Citing a decline in Medicaid memberships due to the resumption of eligibility reviews, Moody’s projects lower revenue growth for health insurers this year even though their third-quarter earnings matched second-quarter performance and Industry stability is in line with expectations.
However, the firm said industry-wide financial results met its forecasts despite certain unforeseen headwinds, such as an increase in medical utilization among Medicare Advantage members.
In June, UnitedHealth (New York Stock Exchange: UNH), the largest managed care player in the Medicare Advantage market, warned that the post-COVID normalization of care utilization among seniors would impact its healthcare index in the second quarter.
UNH shares, along with those of its main rival in the MA market, Humana (New York Stock Exchange: humming), reacted alongside peers Alignment Healthcare (ALHC), Clover Health (CLOV), and CVS Health (New York Stock Exchange:CVS).
Moody’s maintains that while higher MA utilization continued in the third quarter, the trend stabilized but did not improve.
Despite the expected disruption to health insurers from the ongoing Medicaid redeterminations, their impact so far this year has so far been “relatively small,” the analysts argued, adding that the Most members who lost coverage enroll in other health plans.
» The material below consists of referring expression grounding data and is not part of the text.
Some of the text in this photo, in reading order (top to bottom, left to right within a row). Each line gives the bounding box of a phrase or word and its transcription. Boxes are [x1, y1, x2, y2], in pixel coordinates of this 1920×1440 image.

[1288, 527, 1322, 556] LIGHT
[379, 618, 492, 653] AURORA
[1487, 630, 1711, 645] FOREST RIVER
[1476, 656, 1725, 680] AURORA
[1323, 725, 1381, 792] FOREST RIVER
During the pandemic, a three-year pause in eligibility reviews led to a 32% increase in Medicaid memberships among market players like Centene (New York Stock Exchange: CNC), Elevance Health (ELV) and Molina (MOH).
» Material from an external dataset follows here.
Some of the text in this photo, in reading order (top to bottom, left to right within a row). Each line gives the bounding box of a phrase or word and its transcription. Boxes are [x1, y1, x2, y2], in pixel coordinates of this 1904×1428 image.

“As expected, this is reducing the profit growth of the health insurers we rate, but it is just one of several drivers of this trend,” the analysts wrote, adding that “we expect the majority of disenrolled individuals to re-enroll in the individual market or in insurance-based in employers.” “
However, Moody’s expects long-term implications of how Medicare Advantage star ratings are calculated. The annually updated system ranks MA plans on a performance-based scale of one to five, and plans with a rating of four or five stars are eligible to receive bonus payments when they apply for reimbursement from Medicare.
In October, Elevance (ELV) shares fell after disclosing that the percentage of its MA members in plans with ratings of four stars or higher had fallen to 34% for the 2024 rating year from 64% a year ago.
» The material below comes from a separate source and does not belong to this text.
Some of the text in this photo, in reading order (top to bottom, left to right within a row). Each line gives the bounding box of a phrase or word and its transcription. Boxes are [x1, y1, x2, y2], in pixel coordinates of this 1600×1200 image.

Other notable trends in the industry include very popular but expensive weight loss drugs known as GLP-1 receptor agonists from Novo Nordisk (NVO) and Eli Lilly (LLY).
Moody’s argued that while health insurers can reflect their costs in policy rates, it is a risk to their corporate clients if LPG-1 use is not properly managed.
“Health insurers can include these costs in policy prices“, the analysts wrote, adding that “however, for corporate clients who contract with health insurers only for administrative services and who otherwise self-insure, the risk is greater, especially if utilization is not effectively controlled “.